Updated

A Vietnamese-American pro-democracy activist has been arrested and accused of terrorism for allegedly trying to sabotage liberation celebrations commemorating the end of the Vietnam War, state media said Sunday.

Nguyen Quoc Quan, 58, of California, was detained April 17 after arriving at the airport in southern Ho Chi Minh City, Tuoi Tre newspaper reported. He is accused of planning to hold protests for Viet Tan, a banned U.S. exile group, during this week's May Day festivities and the April 30 anniversary of the fall of the former U.S.-backed South Vietnamese capital, Saigon, to the northern communists in 1975.

Authorities also found many documents in Quan's possession on "terrorist training," the paper said. Quan, a mathematician, was previously sentenced to six months in jail by a Ho Chi Minh City court in 2008 for terrorism.

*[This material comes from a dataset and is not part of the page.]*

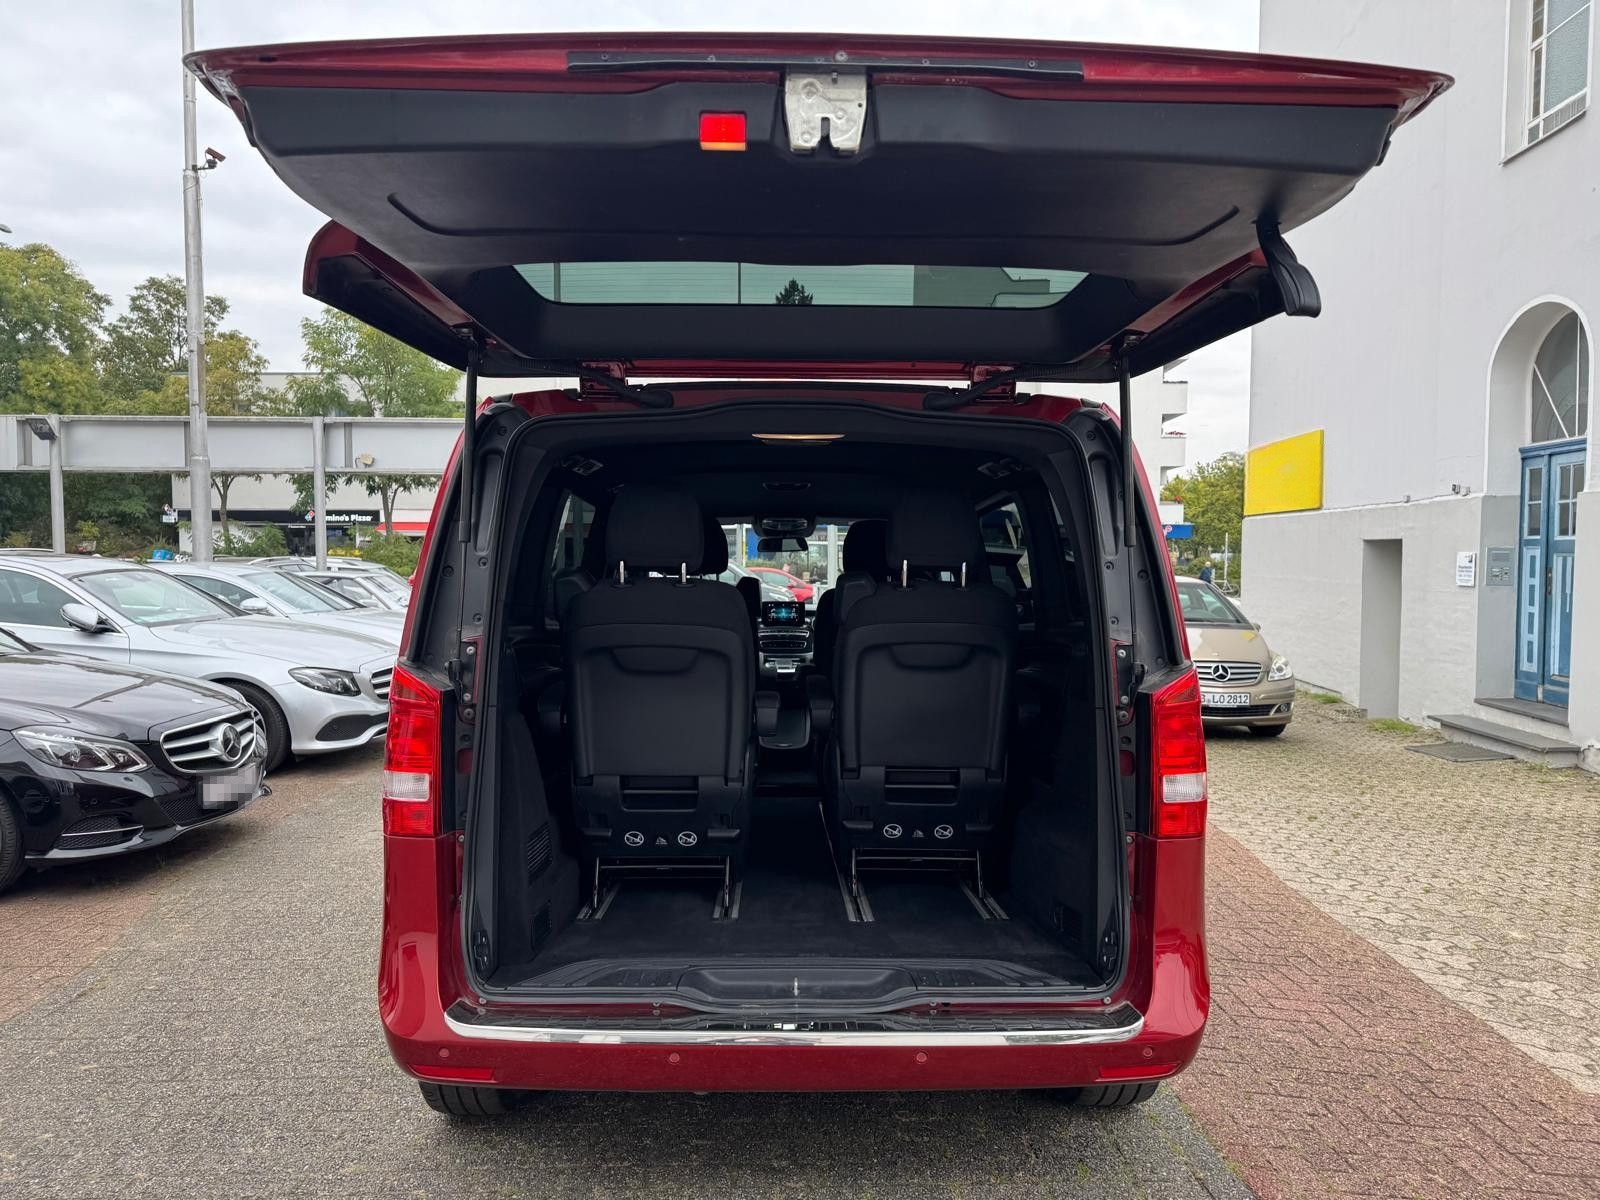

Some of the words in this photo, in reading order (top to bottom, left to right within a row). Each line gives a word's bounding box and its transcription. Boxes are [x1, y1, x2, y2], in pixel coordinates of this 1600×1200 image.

After being deported from Vietnam, Quan continued to travel from the U.S. to Thailand and Malaysia to train members of the Viet Tan group on nonviolent struggles in Vietnam, Tuoi Tre said.

Hanoi often uses vague national security laws to charge pro-democracy activists with terrorism, but the U.S. government has said it has seen no evidence that California-based Viet Tan, also known as the Vietnam Reform Party, is a terrorist organization.

"The Vietnamese government's accusation of 'terrorism' against Dr. Quan is completely fabricated and has no basis," said a statement posted on Viet Tan's website. "The detention of Dr. Nguyen Quoc Quan is the latest example of the Vietnamese Communist Party's ongoing crackdown on human rights defenders."

Meanwhile, the Capital Security newspaper reported that authorities have released activist Bui Thi Minh Hang, 48, from a re-education camp near Hanoi.

She was taken there in November for causing social disturbances after playing an active role in the unprecedented protests against China last summer over tensions surrounding disputed territory in the South China Sea.

The U.S. Embassy and rights groups had called for her release. The newspaper said she was freed as part of the government's policy of leniency on the occasion of the celebrations surrounding the fall of Saigon and May Day.